# Can I renew my car sub on a quarterly basis



## max1 (Aug 12, 2005)

Hey, I wanted to know if I can put my subscription for my car on a quarterly basis for now in stead of a year. 142 bucks a year seems like a high price to me. I think the quarterly is like 38 bucks every 3 months. My yearly sub is due in June. Max.


----------



## tcusta00 (Dec 31, 2007)

You'll probably have better luck and get more accurate answers by calling them or going to their website for information...

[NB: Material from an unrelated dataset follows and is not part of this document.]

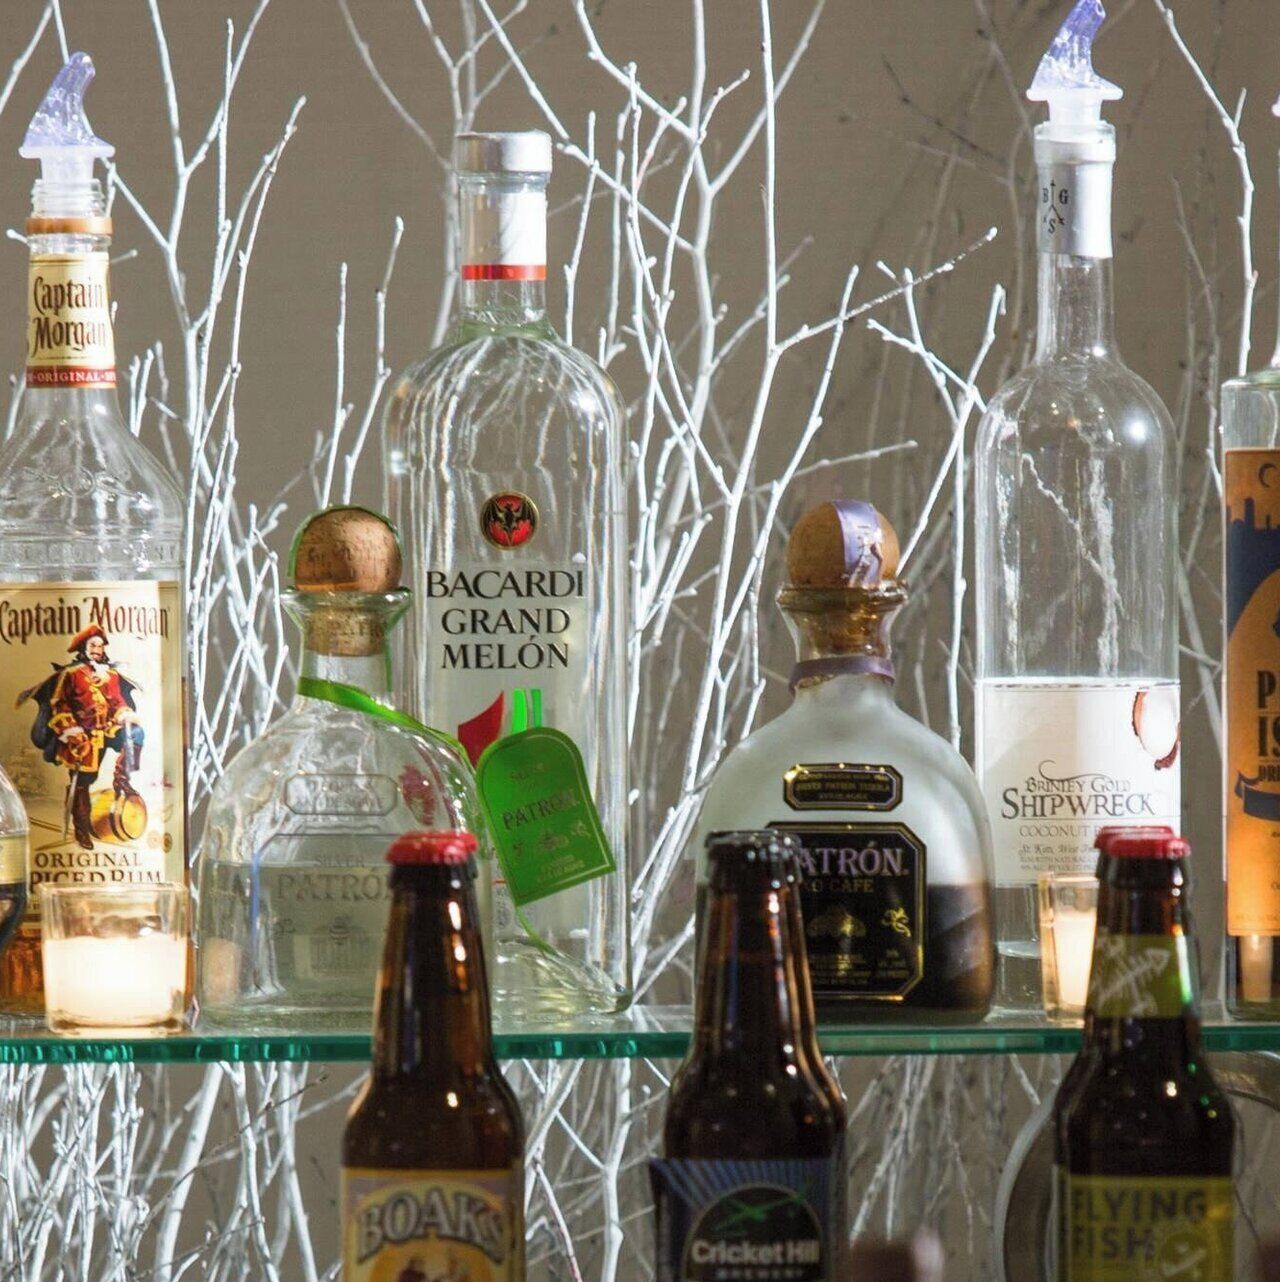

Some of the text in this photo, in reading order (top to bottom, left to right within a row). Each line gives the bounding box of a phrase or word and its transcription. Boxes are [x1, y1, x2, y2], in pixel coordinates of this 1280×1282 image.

http://www.sirius.com/getsirius/plans


----------



## Steve Mehs (Mar 21, 2002)

Yes, you can get billed quarterly. I used to pay quarterly then I switched to monthly.


----------



## max1 (Aug 12, 2005)

Thanks guys will call Sirius tomorrow and change it. We are having some trees trimmed here on our property soon and I need to pay that first. Be intresting to see when they do that if I will get a more stronger signal.just a quick update to my prev post I did get the subscripition for 3 months for now. Probably in the fall will go with the full year. Also I was sorry to see Sherry Donovan leave classic rewind. I liked her show as well. Classic rewind is one my fav channels they play the music i grew up with. However Longpaul is pretty cool. Magic Matt though is my favorite. Max.


----------



## max1 (Aug 12, 2005)

Hey Steve just wanted to let you know that I did not renew the Subscription in the car due to some medical expenses that I had to pay first. Bummer now I am stuck with FM Radio for 30 minutes actually there are couple of good one's in Omaha and I have 3 out of Sioux City so it's not bad there is a Bob FM in Sioux thats good. I may go with XM in the Fall once I get everything cleared up. Max. P.S. I still have my Sirius headsets for walking and my boombox in the house. Also starting tomorrow Kayla on Classic Rewind will be the morning DJ am not sure who will be at nite. I like Kayla as well.


----------